30) Plan ahead for replacements. According to Angie’s List, you’ll get 6 to 15 years out of your refrigerator. When you replace, always buy the most efficient Energy Star appliance you can afford. A more efficient refrigerator can help you save on your electric bill.
Home Office Electricity Savings
With more people than ever working from home, the home office takes on new meaning for ways to save on your electric bill. (Bonus savings tip: in the winter, use your home office dog to stay warm!) Here are some easy ways to save.
31) Use ambient light. Use outside lighting instead of overhead lights to save money. Bonus: outside light will make you look better on your Zoom calls.
32) Use a desk lamp. Opt for a desk lamp instead of overhead lights. You’ll cut your electricity usage and have plenty of light to focus.
33) Use smart power strips. Have an old power strip? Swap it out for a smart power strip. A current sensing power strip senses when a device switches off or goes into sleep mode. It will automatically turn off the power to your devices.
34) Set up your office away from afternoon sun.
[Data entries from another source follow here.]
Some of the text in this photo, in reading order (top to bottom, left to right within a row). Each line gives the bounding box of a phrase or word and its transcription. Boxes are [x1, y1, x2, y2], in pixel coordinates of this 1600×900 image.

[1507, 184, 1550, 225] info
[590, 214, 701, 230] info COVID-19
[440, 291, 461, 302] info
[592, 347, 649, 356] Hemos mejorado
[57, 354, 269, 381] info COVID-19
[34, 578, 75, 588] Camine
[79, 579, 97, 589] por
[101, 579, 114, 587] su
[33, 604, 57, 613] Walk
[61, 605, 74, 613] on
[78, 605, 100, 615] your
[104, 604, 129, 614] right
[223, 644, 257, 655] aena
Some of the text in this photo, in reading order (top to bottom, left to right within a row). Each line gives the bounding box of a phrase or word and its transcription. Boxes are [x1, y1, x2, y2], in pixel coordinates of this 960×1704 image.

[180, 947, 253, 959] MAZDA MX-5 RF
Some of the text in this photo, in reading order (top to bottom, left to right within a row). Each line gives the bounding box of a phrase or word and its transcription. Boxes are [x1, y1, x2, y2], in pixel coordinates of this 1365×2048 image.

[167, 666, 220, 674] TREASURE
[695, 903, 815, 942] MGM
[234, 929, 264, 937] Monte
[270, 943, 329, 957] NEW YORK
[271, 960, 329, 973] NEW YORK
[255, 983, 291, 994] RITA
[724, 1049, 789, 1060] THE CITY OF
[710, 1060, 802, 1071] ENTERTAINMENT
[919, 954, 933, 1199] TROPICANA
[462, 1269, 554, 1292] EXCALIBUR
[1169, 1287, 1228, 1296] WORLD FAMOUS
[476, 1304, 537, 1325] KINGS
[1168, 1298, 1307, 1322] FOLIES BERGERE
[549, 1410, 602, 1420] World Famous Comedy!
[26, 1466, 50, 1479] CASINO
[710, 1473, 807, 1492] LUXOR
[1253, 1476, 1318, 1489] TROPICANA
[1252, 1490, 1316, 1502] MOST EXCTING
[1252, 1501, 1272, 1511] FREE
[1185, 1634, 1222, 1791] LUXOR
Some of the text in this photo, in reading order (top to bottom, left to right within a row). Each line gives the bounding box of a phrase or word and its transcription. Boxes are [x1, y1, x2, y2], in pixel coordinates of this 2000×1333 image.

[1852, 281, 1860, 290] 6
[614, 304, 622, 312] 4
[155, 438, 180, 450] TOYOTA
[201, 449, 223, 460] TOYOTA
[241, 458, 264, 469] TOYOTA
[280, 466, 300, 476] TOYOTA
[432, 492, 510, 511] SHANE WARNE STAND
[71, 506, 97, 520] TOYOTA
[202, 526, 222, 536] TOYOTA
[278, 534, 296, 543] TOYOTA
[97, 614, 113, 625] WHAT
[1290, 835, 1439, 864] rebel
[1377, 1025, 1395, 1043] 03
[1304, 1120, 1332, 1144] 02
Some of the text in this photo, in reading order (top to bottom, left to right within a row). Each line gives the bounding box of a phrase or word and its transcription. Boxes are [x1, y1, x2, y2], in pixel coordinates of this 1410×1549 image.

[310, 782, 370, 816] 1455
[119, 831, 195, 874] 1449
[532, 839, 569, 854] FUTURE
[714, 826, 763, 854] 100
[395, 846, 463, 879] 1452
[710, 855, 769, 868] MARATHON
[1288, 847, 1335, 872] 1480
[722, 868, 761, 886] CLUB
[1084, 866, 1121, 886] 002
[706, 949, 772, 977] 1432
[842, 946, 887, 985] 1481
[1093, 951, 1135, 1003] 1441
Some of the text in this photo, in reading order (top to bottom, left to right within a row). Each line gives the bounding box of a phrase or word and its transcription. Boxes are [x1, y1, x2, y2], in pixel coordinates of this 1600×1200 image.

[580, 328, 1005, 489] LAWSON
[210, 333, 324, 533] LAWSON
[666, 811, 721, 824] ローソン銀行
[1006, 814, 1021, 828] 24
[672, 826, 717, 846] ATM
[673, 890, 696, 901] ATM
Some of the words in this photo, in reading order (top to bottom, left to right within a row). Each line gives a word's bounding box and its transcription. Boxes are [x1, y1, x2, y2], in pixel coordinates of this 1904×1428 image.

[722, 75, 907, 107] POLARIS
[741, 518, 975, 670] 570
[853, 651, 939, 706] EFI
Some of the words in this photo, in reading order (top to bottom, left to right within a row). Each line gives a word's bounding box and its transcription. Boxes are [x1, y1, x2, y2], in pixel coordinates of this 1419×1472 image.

One part of your home is likely hotter than the others. Pick a room that’s on the north or east side of your home to avoid the afternoon sun.
35) Set up energy savings mode on your computer. Computer experts recommend setting your computer to go to sleep mode after 2 hours of inactivity.
For more tips on how to save on your electricity bill when working from home, check out this additional resource.
Laundry Room Electricity Savings Tips
36) Wash in cold water. Around 90% of the energy used to wash clothes is consumed through heating water. Washing in cold water can cut your energy use.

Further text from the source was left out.